Start of Provided records
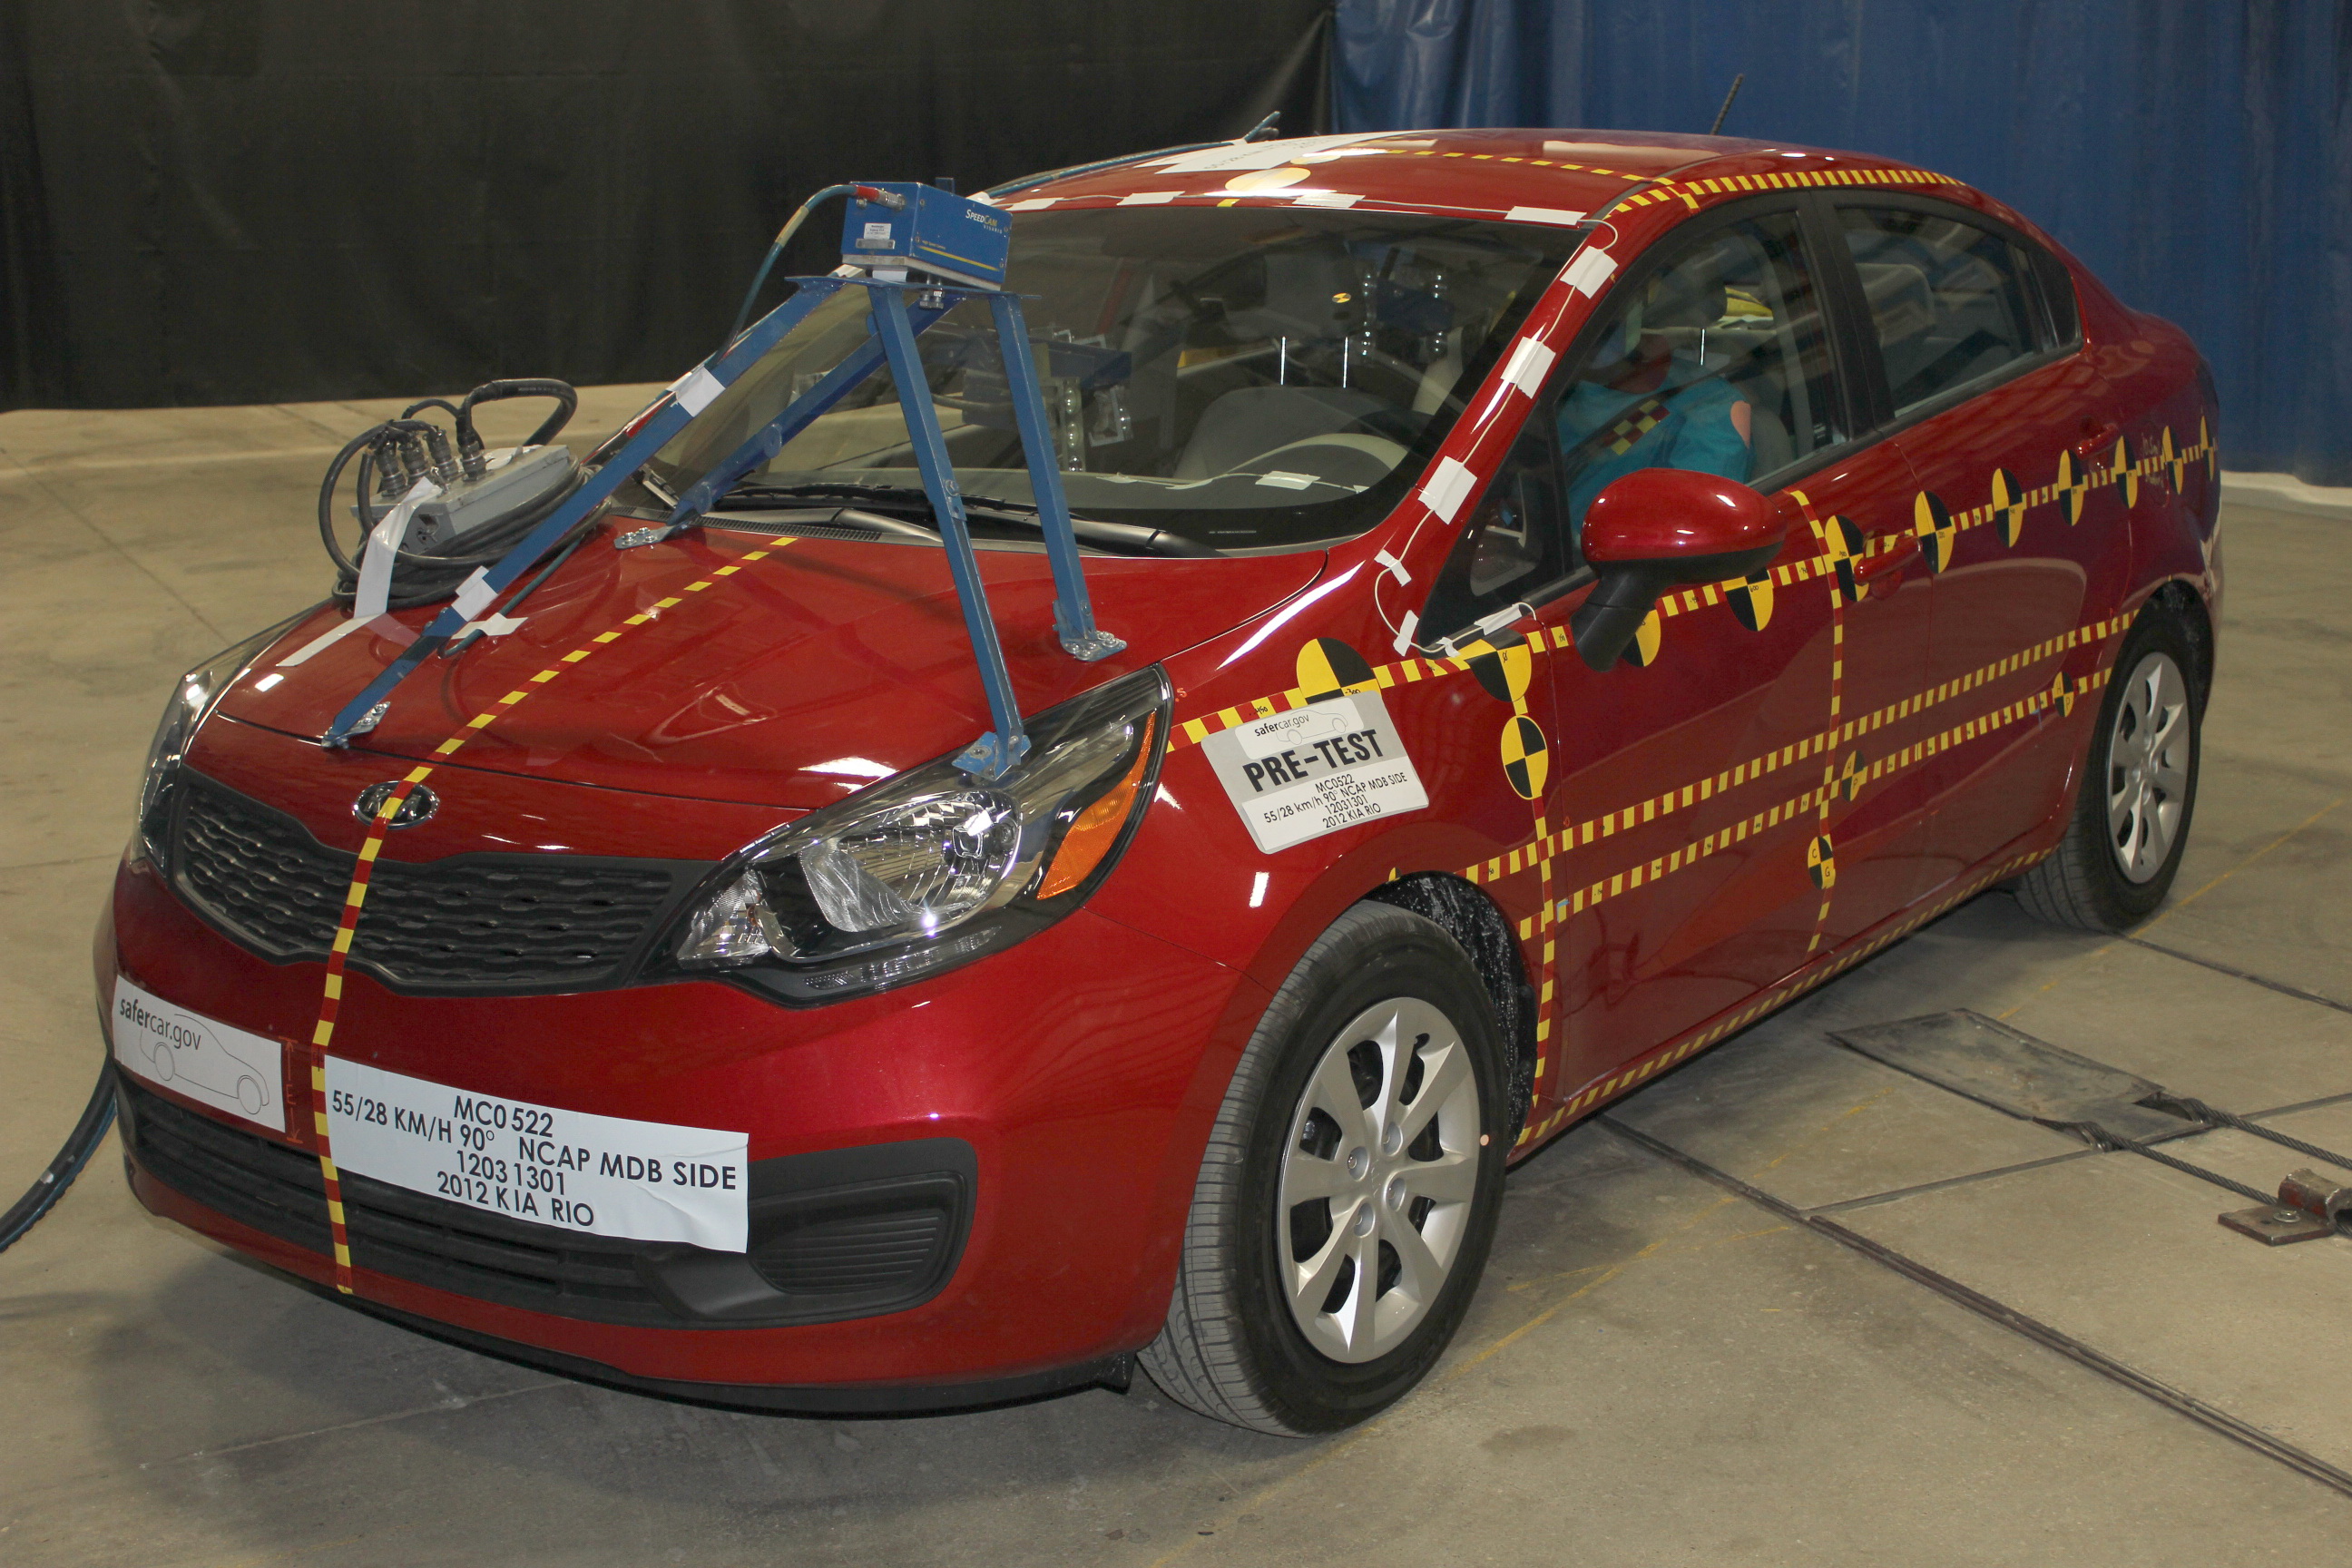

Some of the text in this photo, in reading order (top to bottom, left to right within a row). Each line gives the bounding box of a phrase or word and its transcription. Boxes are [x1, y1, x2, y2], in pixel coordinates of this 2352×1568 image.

[1254, 713, 1310, 737] safercar.gov
[1242, 729, 1384, 793] PRE-TEST
[363, 787, 422, 820] KA
[1263, 772, 1408, 823] 55/28 km/h 90° NCAP MDB SIDE
[1315, 774, 1356, 793] MC0522
[1322, 803, 1381, 828] 2012 KIA RIO
[1325, 795, 1368, 815] 12031301
[120, 998, 201, 1051] safercar.gov
[331, 1090, 737, 1191] 55/28 KM/H 90° NCAP MDB SIDE
[436, 1171, 595, 1228] 2012 KIA RIO
End of Provided records
Task requirements: Each record above must be returned exactly as written, with its pictures omitted.

Response:
Some of the text in this photo, in reading order (top to bottom, left to right within a row). Each line gives the bounding box of a phrase or word and its transcription. Boxes are [x1, y1, x2, y2], in pixel coordinates of this 2352×1568 image.

[1254, 713, 1310, 737] safercar.gov
[1242, 729, 1384, 793] PRE-TEST
[363, 787, 422, 820] KA
[1263, 772, 1408, 823] 55/28 km/h 90° NCAP MDB SIDE
[1315, 774, 1356, 793] MC0522
[1322, 803, 1381, 828] 2012 KIA RIO
[1325, 795, 1368, 815] 12031301
[120, 998, 201, 1051] safercar.gov
[331, 1090, 737, 1191] 55/28 KM/H 90° NCAP MDB SIDE
[436, 1171, 595, 1228] 2012 KIA RIO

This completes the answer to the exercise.